If an undirected graph $G = (V, E)$ has bounded degree $\deg(v) \leq d$ for each $v \in V$, how can we bound from above the number of connected components $C(G)$ of $G$?
The following very rough proof sketch argues that $$C(G) \leq |V| - \frac{|E|}{2\cdot d}.$$ Indeed, write $V^* \subset V$ for the number of vertices of positive degree; i.e., $V^* = \{ v \in V | \deg (v) > 0 \}$. We first argue that $C(G) \leq |V| - \frac{|V^*|}{2}$. Indeed, $|V^*|$ is identified under the reachability relation in at least a 2-1 manner (and more in general), and will decrease the number of connected components by $\frac{|V|}{2}$. Finally, $|V^*| \geq \frac{|E|}{d}$. The idea is that the $|E|$ total edges must be "distributed" among the elements of $V^*$; in the "worst" case, each vertex alone uses $d$ among those edges. (This doesn't really make sense because each edge belongs to two vertices, not one.)
Can we get a tighter bound? Can we get a more rigorous / elegant proof? Thanks.
Claim. In every simple graph with at least one vertex and degree bounded by $d$, we have $$ |V|-\frac{|E|}d\ge 1.$$
Proof. It is enough to prove the claim when $$d=\max\{\,\deg(v)\mid v\in V\,\}$$ as making $d$ larger makes the claim only weaker. Under this assumption, we have $$|E|\ge d$$ already from the edges incident with one vertex of maximal degree.

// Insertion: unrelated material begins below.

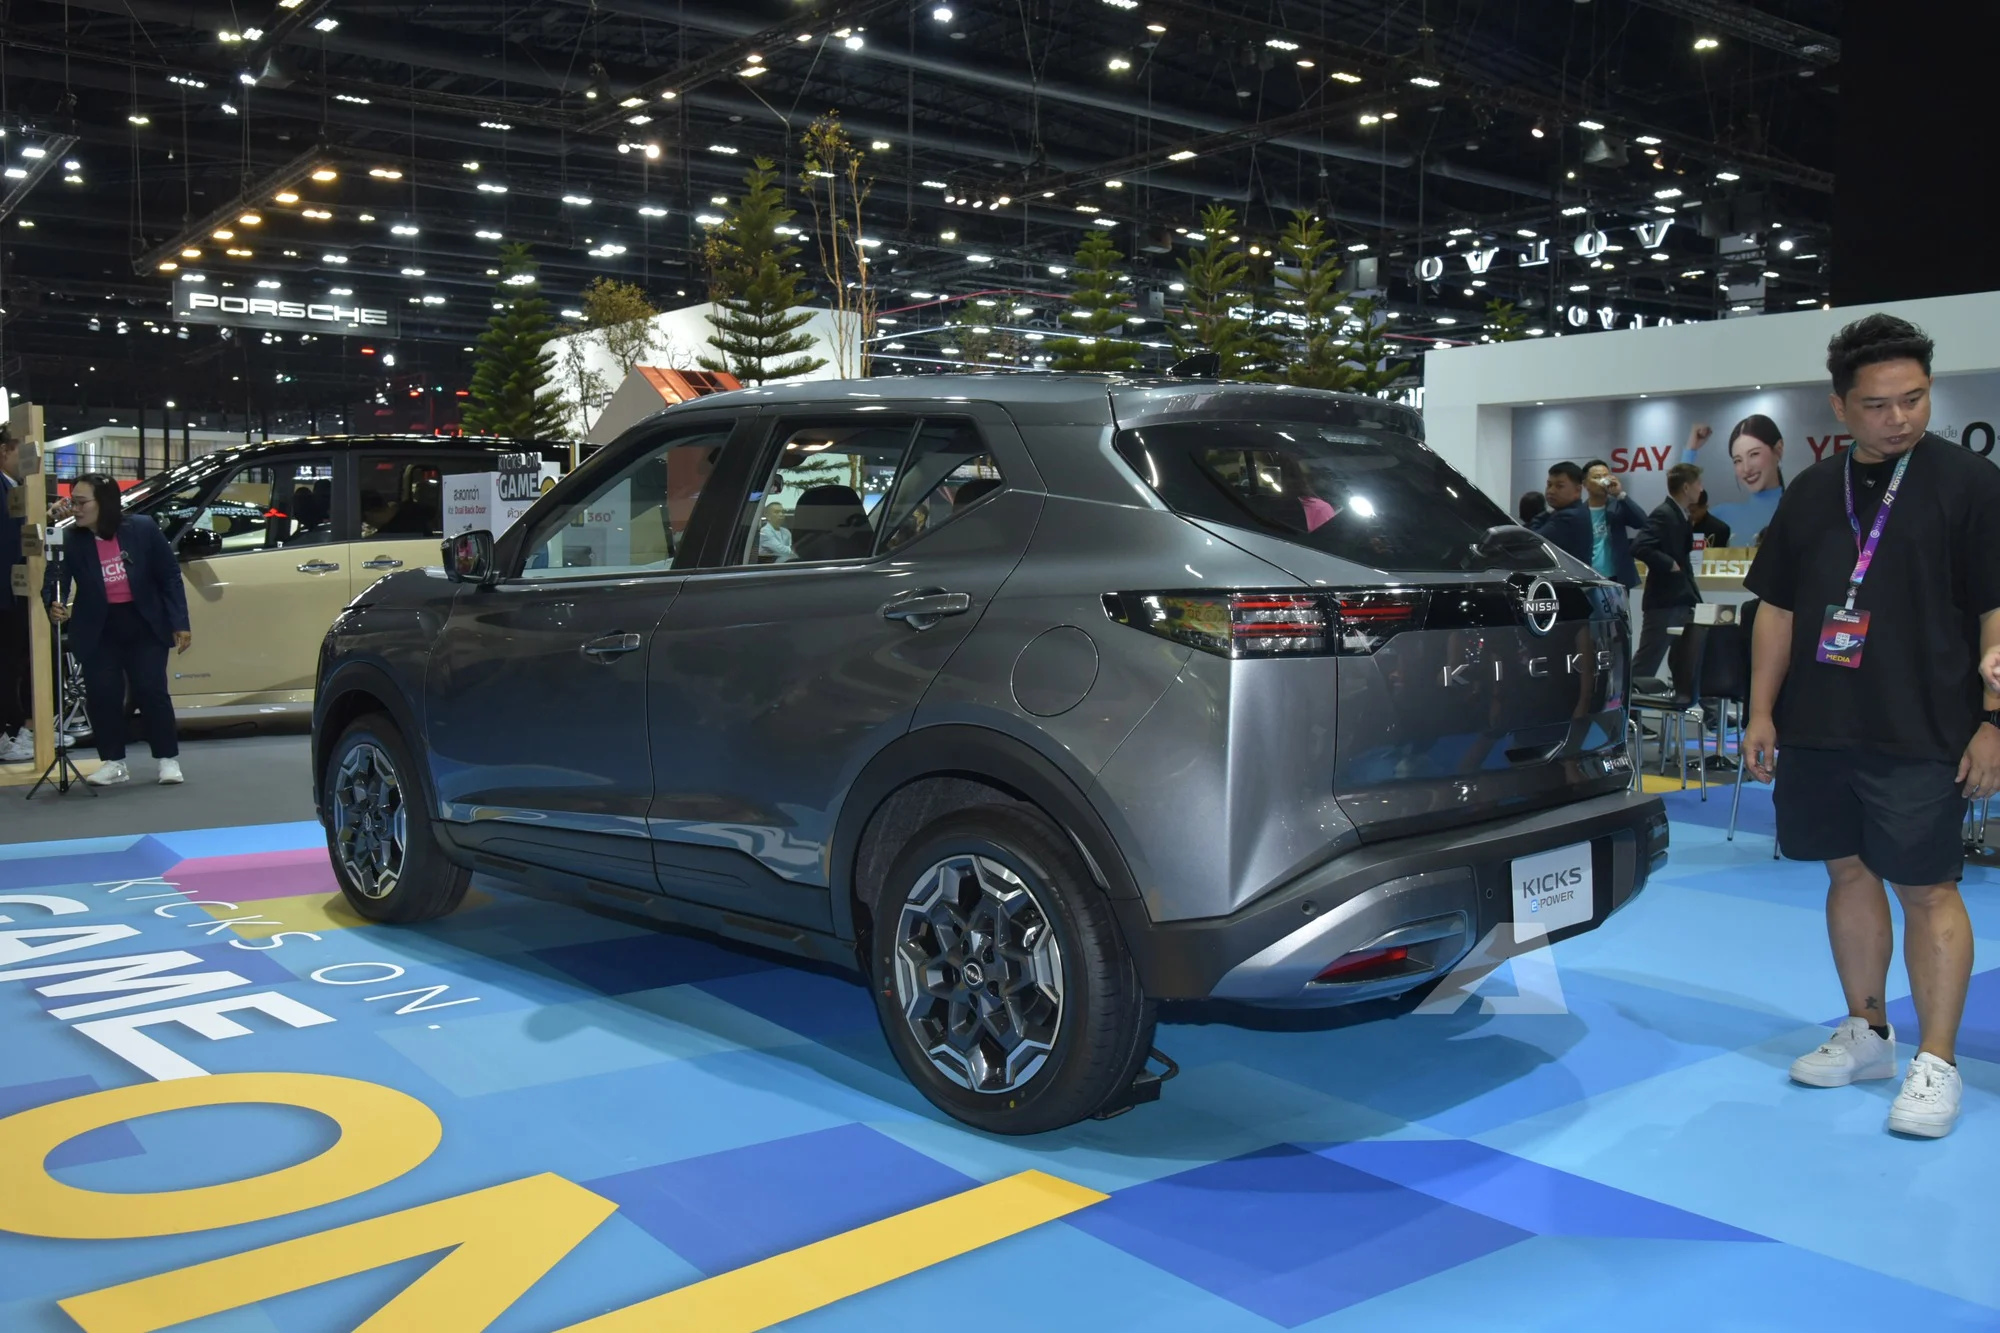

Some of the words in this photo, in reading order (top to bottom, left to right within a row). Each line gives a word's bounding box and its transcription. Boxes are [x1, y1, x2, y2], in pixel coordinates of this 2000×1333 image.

By the handshaking lemma (i.e., by counting the edge-vertex incidences in two ways), we have $$ d|V|\ge 2|E|$$ and so $$ |V|\ge\frac{2|E|}{d}.$$ This makes $$ |V|-\frac{|E|}{d}\ge \frac{2|E|}{d}-\frac{|E|}d=\frac{|E|}d\ge1$$ as was to be shown. $\square$
The claim holds per connected component so that we immediatyly improve it to $$ C(G)\le |V|-\frac{|E|}d.$$ Note that this inequality is sharp as witnessed by graphs where each component is $d$-regular (e.g., when $G$ consists of several disjoint copies of $K_{d+1}$).